Species of springtail

Entomobrya bicolor is a species of slender springtails in the family Entomobryidae.

== Description ==
Entomobrya bicolor has a long, cylindrical body covered in many irregularly-placed hairlike bristles, called setae. It has a distinctive color pattern, with mature individuals having a dark brown or blue-brown body and a yellow band across the abdomen and sometimes two yellow spots near the base of the abdomen. Its six legs are mostly yellow, but darker near the bases, and darken with age. The antennae are nearly as long as the body, and have yellow, brown, and purple pigmentation. In contrast, juveniles are almost entirely yellow and can difficult to differentiate from other taxa.

== Distribution ==
Entomobrya bicolor has been collected in Pennsylvania, New Jersey, Virginia, North Carolina, Minnesota, Iowa, Kansas, and Illinois.

== Taxonomy ==
Entomobrya bicolor was formally described in 1903 by Joseph Guthrie in a work describing the springtails of Minnesota. A type specimen was not designated or is not known, though the type locality is Minneapolis.

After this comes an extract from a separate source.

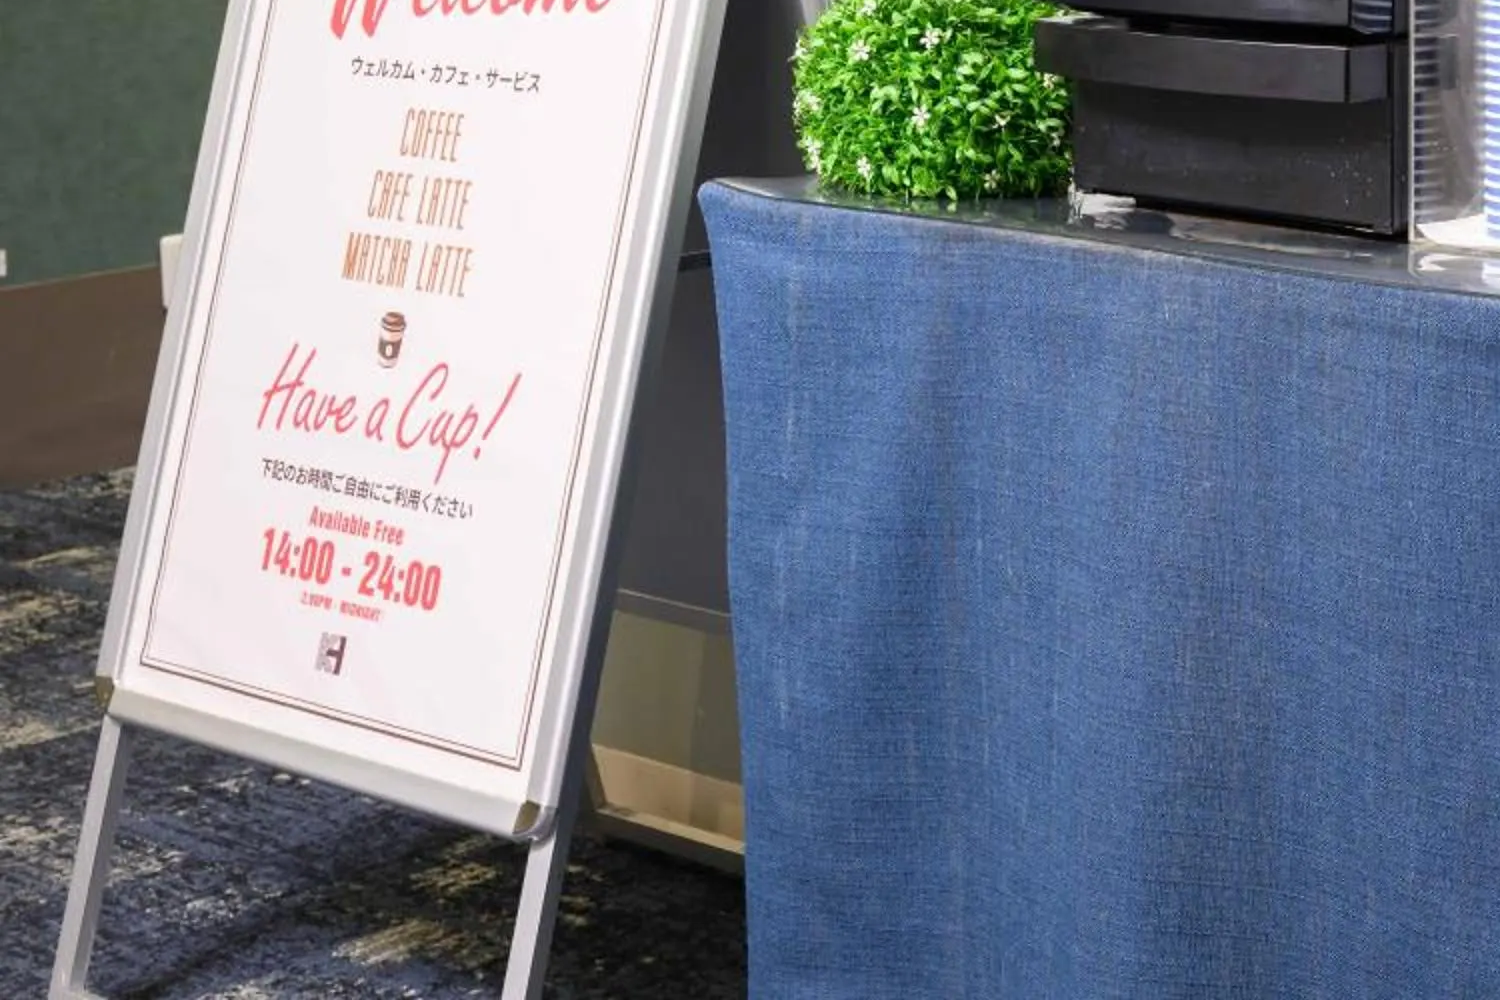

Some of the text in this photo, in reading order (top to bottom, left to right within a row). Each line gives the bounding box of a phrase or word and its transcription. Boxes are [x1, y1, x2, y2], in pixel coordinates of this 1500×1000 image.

In his 1958 taxonomic overview of the nearctic species of Entomobrya, Kenneth Christiansen placed E. bicolor, along with E. quadrilineata and E. decemfasciata, in a species complex referred to as the E. bicolor group, possibly corresponding to a previously-recognized genus Callistella described by Schott in 1894. The morphological characters common to members of the E. bicolor group include an elongated body, long appendages, and an abundance of bristles, arranged asymmetrically and with a high level of variability. Color patterns are useful for differentiating the three taxa in the E. bicolor group.